Bedeutung von Biografieunterlagen

Doch in den meisten Biografieunterlagen wird oft nicht nachgefragt nach verarbeiteten oder nicht verarbeiteten Erlebnissen.

  • Wie hat Frau Mustermann die besagten Erlebnisse und Konflikte verarbeitet?
  • Welches Verhaltensmuster legte der Mensch bei Konflikten an den Tag?

Wer auf solche Fragen die passenden Antworten findet, kann betroffenen Menschen in ihrem oft herausfordernden Verhalten viel besser verstehen. Ein Beispiel? Wenn sich jemand Zeit seines Lebens bei Konflikten lautstark verbal geäußert hat, ist die Wahrscheinlichkeit groß, dass dieser Jemand auch im Alter recht laut „drauflosschreit”, wenn ihm gerade etwas nicht passt.

Welche (traumatischen) Erlebnisse liegen hinter einem langen Leben? Angehörigen und Pflegenden hilft solches Wissen enorm weiter, „richtig” zu „re”-„agieren”. Quelle: wikimedia.org

Das Gegenüber kann dann natürlich ganz anders reagieren, wenn es diese wichtige Information bereits besitzt.

Das Signal des Empfängers lautet dann nämlich nicht „Was soll ich bloß tun?”, „Warum ist der so aggressiv”, sondern eher „irgendetwas stört diesen Menschen, und ich muss herausfinden, was es ist.” Das hilft nicht nur dem Patienten, der sich womöglich schneller beruhigen kann, sondern logischerweise auch der Pflegekraft, die innerlich mehr Ruhe verspüren kann.

Oder ein anderes Beispiel: Kleine Konflikte, die sich um simpelste Sachen wie Kleidung oder Essen drehen, haben dennoch oft eine große Wirkung auf den Menschen. Was ist wenn ein Demenzkranker sich jedes Mal zurückzieht, sollte es zu einer „Diskussion” oder einer „Meinungsverschiedenheit” kommen? Liegt es dann nicht auf der Hand, dass sich derjenige bei Auseinandersetzungen sein Leben lang so verhalten und oft „die Flucht ergriffen hat”. Wer solche Feinheiten einer Biografie kennt, kann anders damit umgehen, frei nach dem Motto: Der Klügere gibt nach.
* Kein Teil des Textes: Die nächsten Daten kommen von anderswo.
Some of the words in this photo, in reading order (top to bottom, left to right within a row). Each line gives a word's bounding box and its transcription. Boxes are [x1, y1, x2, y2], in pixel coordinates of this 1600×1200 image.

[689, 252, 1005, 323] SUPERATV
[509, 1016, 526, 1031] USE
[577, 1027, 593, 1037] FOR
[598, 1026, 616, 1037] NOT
Verlust ist ein großes Thema

Ohnehin sind es oft die Verluste im Leben, die gerade bei an Demenz erkrankten Menschen etwas „Unverarbeitetes” oder etwas „Unerledigtes” zurück an das oberflächliche Verhalten spiegeln. Nehmen wir an, ein Mensch mit Demenz hat ein verstorbenen Kind zu betrauern gehabt, oder – eher das Gegenteil – konnte seinen Kinderwunsch niemals erfüllen.

Viele demenzkranke Menschen verarbeiten das dann oft erst im höheren Alter, wenn ihr Gedächtnis den inneren Fokus verschiebt. Da wäre zum Beispiel die eine Frau zu nennen, die Tag und Nacht immer eine Puppe mit sich trägt, kämmt, kleidet und füttert, so als wäre es das eigene richtige Kind. Dabei kann natürlich gerade der biografische HIntergrund dabei helfen, die Beweggründe für dieses Verhalten auch wirklich zu verstehen.
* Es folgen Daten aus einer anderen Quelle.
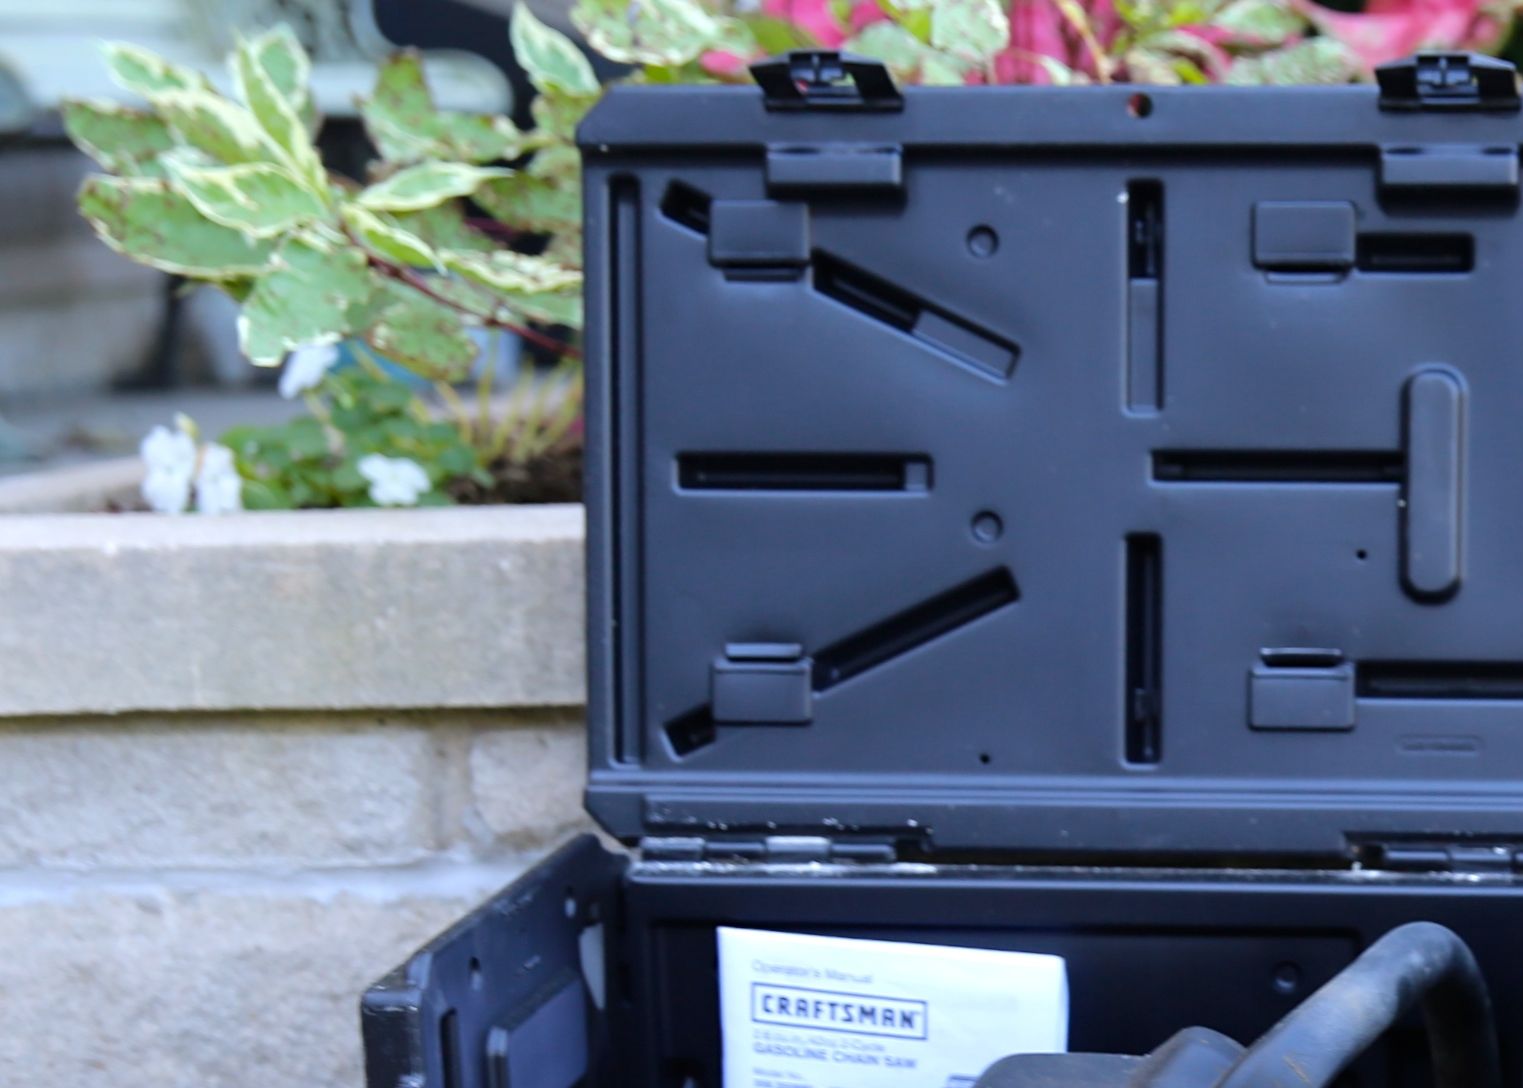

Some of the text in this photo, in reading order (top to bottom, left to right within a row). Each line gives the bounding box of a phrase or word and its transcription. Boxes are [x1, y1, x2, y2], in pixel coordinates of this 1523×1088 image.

Offene oder unerledigte Vorkommnisse im Leben eines Menschen können im Alter zu einer starken Triebfeder werden – insbesondere bei Demenzkranken. Quelle: unsplash.com

Fatal wäre es nämlich, dieses Verhalten nicht zu akzeptieren und der betroffenen Person am Ende auch noch ihr Verhalten abgewöhnen zu wollen oder gar zu verbieten. Eher ist es essenziell zu verstehen, dass demenziell Erkrankte in Ihrer eigenen Welt leben, in der es kein richtig oder falsch gibt – zumindest nicht in dem Sinne, wie gesunde (nicht an Demenz erkrankte) Menschen an solche Fragen herangehen würden.

Demenzkranke verarbeiten und erledigen offene oder unerledigte Dinge, bevor sie irgendwann „gehen”, oder vielleicht sogar überhaupt erst „gehen können”.

Fazit

Doch Vorsicht: Auch bei den oben genannten Beispielen besteht keine Garantie, dass immer ein Zusammenhang zwischen der Biografie und dem gegenwärtigen Verhalten existiert. Es handelt sich dabei eher um Wahrscheinlichkeiten. Doch wie oben beschrieben kann die Biografie Schlüsselerlebnisse erklären, die sich auf das spätere Verhalten auswirken (können). Sie zu kennen, das kann im Grunde niemals schaden.